> [BRIEF] The line containing "this 2352×1568 image." and every line after it, through the end of the records below: repeat them exactly, nothing more.

==== PROVIDED RECORDS ====

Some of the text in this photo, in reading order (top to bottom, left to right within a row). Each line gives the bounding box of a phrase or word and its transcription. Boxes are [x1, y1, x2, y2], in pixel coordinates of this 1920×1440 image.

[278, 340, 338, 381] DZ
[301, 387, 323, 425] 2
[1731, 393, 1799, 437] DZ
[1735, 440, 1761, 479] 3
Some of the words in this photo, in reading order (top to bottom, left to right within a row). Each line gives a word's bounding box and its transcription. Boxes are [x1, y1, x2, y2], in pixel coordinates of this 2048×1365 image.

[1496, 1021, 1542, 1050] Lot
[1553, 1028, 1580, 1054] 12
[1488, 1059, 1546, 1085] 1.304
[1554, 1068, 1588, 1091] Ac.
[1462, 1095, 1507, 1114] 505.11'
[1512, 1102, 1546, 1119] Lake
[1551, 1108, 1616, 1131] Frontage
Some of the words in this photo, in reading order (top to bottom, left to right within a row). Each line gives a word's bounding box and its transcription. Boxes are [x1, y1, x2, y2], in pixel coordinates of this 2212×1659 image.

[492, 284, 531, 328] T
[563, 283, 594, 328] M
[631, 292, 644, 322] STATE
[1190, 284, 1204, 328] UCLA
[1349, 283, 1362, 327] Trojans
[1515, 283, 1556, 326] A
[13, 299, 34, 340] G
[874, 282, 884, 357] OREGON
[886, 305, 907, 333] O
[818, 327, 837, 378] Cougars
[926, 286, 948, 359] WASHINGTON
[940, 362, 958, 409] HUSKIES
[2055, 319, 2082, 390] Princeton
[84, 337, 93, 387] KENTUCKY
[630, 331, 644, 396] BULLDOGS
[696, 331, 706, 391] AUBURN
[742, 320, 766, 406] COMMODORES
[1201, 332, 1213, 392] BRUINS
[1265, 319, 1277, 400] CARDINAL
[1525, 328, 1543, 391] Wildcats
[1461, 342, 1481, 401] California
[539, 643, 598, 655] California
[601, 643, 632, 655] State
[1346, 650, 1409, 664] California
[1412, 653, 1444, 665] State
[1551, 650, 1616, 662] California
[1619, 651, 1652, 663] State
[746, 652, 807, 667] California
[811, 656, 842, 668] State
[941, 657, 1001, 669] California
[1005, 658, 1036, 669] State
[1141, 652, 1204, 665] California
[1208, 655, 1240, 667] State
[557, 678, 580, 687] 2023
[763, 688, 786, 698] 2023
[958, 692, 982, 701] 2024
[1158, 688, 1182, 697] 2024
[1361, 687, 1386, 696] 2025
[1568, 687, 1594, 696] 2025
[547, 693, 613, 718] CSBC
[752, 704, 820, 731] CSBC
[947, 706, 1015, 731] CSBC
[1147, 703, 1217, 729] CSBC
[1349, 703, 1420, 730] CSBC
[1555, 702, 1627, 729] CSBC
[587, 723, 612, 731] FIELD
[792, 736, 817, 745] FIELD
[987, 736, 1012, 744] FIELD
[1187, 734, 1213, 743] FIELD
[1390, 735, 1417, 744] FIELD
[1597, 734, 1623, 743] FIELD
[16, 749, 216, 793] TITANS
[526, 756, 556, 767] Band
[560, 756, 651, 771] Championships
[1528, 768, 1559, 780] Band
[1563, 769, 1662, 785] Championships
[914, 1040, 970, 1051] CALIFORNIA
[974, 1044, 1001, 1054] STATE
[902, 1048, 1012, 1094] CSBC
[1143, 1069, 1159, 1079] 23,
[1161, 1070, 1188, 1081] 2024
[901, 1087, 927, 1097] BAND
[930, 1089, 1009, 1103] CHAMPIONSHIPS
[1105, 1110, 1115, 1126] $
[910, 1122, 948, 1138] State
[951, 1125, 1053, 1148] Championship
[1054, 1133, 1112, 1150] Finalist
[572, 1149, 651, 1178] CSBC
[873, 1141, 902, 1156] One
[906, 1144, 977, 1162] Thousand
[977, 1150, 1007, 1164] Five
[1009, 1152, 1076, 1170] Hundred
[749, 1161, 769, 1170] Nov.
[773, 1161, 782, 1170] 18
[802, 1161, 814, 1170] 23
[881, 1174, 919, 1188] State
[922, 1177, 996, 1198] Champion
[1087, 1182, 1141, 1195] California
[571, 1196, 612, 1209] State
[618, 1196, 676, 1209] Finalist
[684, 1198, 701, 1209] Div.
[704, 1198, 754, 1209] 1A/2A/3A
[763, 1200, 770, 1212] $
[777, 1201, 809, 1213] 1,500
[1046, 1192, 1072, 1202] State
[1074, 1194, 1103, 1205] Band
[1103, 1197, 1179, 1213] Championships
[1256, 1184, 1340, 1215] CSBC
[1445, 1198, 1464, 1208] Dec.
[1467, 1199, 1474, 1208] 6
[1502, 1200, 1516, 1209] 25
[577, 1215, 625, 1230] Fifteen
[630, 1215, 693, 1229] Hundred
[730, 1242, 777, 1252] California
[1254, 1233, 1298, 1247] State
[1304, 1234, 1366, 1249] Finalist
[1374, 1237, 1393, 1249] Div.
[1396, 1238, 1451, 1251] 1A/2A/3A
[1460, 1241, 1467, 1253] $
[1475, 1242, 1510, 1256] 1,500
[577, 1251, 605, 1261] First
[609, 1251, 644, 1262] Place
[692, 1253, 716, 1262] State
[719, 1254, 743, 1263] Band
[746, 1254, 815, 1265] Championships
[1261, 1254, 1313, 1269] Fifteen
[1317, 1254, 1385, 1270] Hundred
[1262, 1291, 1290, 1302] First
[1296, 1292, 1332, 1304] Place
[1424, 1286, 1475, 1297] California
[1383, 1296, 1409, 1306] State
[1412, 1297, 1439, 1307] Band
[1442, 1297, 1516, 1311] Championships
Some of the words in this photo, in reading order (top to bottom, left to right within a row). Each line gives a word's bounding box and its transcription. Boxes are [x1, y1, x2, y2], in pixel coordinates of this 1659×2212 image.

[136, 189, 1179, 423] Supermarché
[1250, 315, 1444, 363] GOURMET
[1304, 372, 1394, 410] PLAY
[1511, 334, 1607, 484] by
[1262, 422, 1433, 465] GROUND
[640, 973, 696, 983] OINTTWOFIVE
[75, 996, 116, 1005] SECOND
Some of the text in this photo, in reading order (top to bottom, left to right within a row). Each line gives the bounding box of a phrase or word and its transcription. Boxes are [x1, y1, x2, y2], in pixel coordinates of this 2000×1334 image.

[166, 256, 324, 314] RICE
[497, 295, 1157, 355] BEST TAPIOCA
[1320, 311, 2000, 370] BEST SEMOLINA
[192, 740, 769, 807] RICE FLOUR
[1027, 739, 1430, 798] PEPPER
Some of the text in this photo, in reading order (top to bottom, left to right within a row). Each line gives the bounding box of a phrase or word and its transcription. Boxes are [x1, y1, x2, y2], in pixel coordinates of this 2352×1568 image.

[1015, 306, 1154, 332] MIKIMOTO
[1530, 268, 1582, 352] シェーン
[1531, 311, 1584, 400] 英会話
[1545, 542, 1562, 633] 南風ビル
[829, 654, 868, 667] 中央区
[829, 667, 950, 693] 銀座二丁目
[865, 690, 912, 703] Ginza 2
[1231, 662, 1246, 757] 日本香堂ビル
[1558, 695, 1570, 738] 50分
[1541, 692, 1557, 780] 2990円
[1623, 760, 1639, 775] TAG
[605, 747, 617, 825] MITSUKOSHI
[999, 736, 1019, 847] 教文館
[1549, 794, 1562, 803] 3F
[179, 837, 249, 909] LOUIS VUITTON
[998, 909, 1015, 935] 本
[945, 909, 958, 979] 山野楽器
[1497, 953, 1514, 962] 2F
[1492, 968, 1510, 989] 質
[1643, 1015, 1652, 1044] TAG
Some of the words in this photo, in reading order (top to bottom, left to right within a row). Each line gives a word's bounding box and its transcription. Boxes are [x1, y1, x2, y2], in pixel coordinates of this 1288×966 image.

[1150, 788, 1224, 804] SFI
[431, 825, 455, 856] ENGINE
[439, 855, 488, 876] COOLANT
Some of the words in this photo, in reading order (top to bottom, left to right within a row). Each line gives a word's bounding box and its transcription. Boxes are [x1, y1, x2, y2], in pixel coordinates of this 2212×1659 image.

====

> [SOLUTION FOR THIS EXERCISE]
Some of the text in this photo, in reading order (top to bottom, left to right within a row). Each line gives the bounding box of a phrase or word and its transcription. Boxes are [x1, y1, x2, y2], in pixel coordinates of this 2352×1568 image.

[1015, 306, 1154, 332] MIKIMOTO
[1530, 268, 1582, 352] シェーン
[1531, 311, 1584, 400] 英会話
[1545, 542, 1562, 633] 南風ビル
[829, 654, 868, 667] 中央区
[829, 667, 950, 693] 銀座二丁目
[865, 690, 912, 703] Ginza 2
[1231, 662, 1246, 757] 日本香堂ビル
[1558, 695, 1570, 738] 50分
[1541, 692, 1557, 780] 2990円
[1623, 760, 1639, 775] TAG
[605, 747, 617, 825] MITSUKOSHI
[999, 736, 1019, 847] 教文館
[1549, 794, 1562, 803] 3F
[179, 837, 249, 909] LOUIS VUITTON
[998, 909, 1015, 935] 本
[945, 909, 958, 979] 山野楽器
[1497, 953, 1514, 962] 2F
[1492, 968, 1510, 989] 質
[1643, 1015, 1652, 1044] TAG
Some of the words in this photo, in reading order (top to bottom, left to right within a row). Each line gives a word's bounding box and its transcription. Boxes are [x1, y1, x2, y2], in pixel coordinates of this 1288×966 image.

[1150, 788, 1224, 804] SFI
[431, 825, 455, 856] ENGINE
[439, 855, 488, 876] COOLANT
Some of the words in this photo, in reading order (top to bottom, left to right within a row). Each line gives a word's bounding box and its transcription. Boxes are [x1, y1, x2, y2], in pixel coordinates of this 2212×1659 image.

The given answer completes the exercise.